Last season, McCullah had the advantage when the last Lucas Oil Series race on the schedule came up. The event was the Division 7 closer at The Strip at Las Vegas Motor Speedway, and since Las Vegas was a fair distance from his home in Houston, McCullah crossed his fingers and stayed put while Brown traveled West to try to make up the small deficit.
"I thought I'd take a chance," said McCullah. "Ben was at a disadvantage - they don't allow electronics in our class there - and he had to go out and do something he wasn't familiar with. I got lucky because he lost first round."
McCullah continues to ride daily (weather permitting), even when not at the track, and he has upgraded to a '96 Harley-Davidson Electra Glide and also has a few Suzuki street bikes that he takes out for fun.
At the track, he commands a Suzuki with a Pro Mod track chassis and a 1570cc GS motor built by Jerry Pomilla of JP Race Engines. The powerplant clears what McCullah says is "somewhere between 280 and 300 horse." Impressive, especially when you learn that he has over 300 laps on it. He typically swaps a motor between 150 and 175 passes, but 2009 was not a typical season. McCullah took half the year off from racing, the swap didn't happen, and the outcome was exceptional.

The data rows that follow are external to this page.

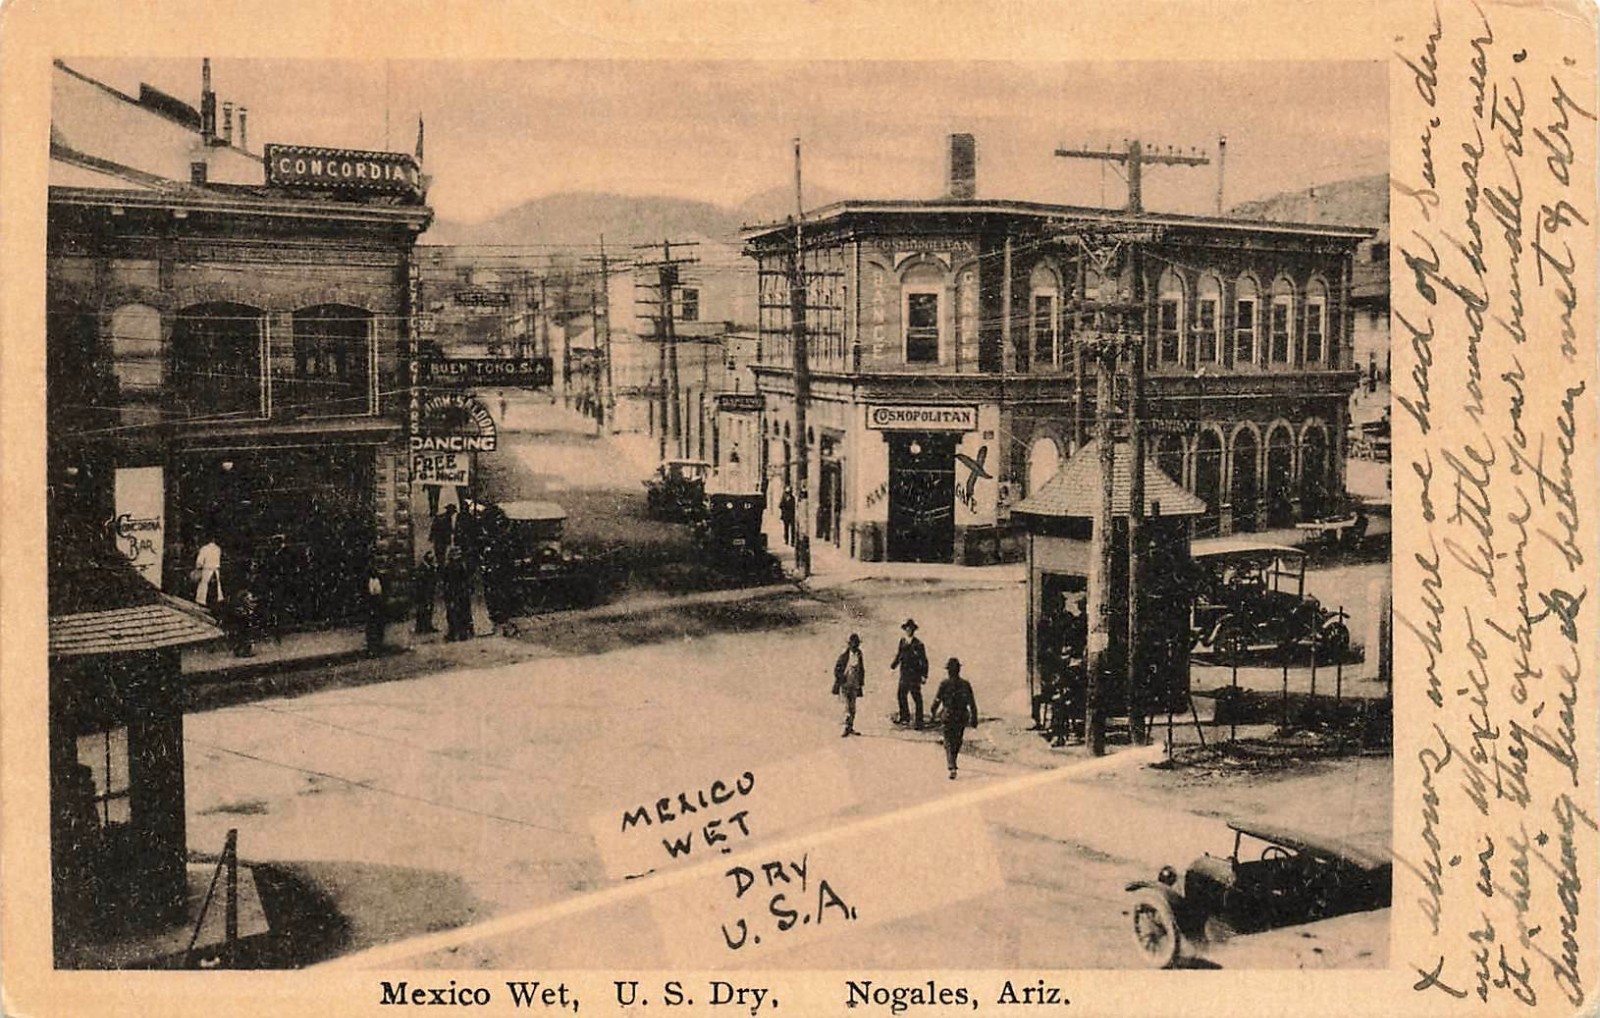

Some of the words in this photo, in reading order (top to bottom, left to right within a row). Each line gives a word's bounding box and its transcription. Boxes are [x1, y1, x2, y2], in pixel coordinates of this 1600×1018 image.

[278, 155, 405, 183] CONCORDIA
[874, 238, 974, 253] COSMOPOLITAN
[1393, 317, 1435, 435] had
[873, 408, 971, 425] COSMOPOLITAN
[410, 436, 495, 451] DANCING
[413, 454, 457, 471] FREE
[1515, 381, 1585, 572] between
[1443, 433, 1496, 597] little
[127, 537, 157, 561] BAR
[1395, 540, 1444, 708] where
[621, 770, 755, 833] MEXICO
[662, 810, 751, 859] WET
[725, 853, 809, 898] DRY

McCullah's sister Brenda chides him a little, but she is an important part of his racing. Though she resides in Ohio, she is crew chief for the Suzuki. She tows McCullah, starts the bike, manages the weather station and predictions, and brings along McCullah's nephew Vince, who cleans the motorcycle and helps load and unload. Vince also helps other South Central racers with their programs, towing and starting for the father/daughter team of Rich and Raegan Gentili and the Bennett family. McCullah's mom, Joyce, has been able to make it to a few races, too.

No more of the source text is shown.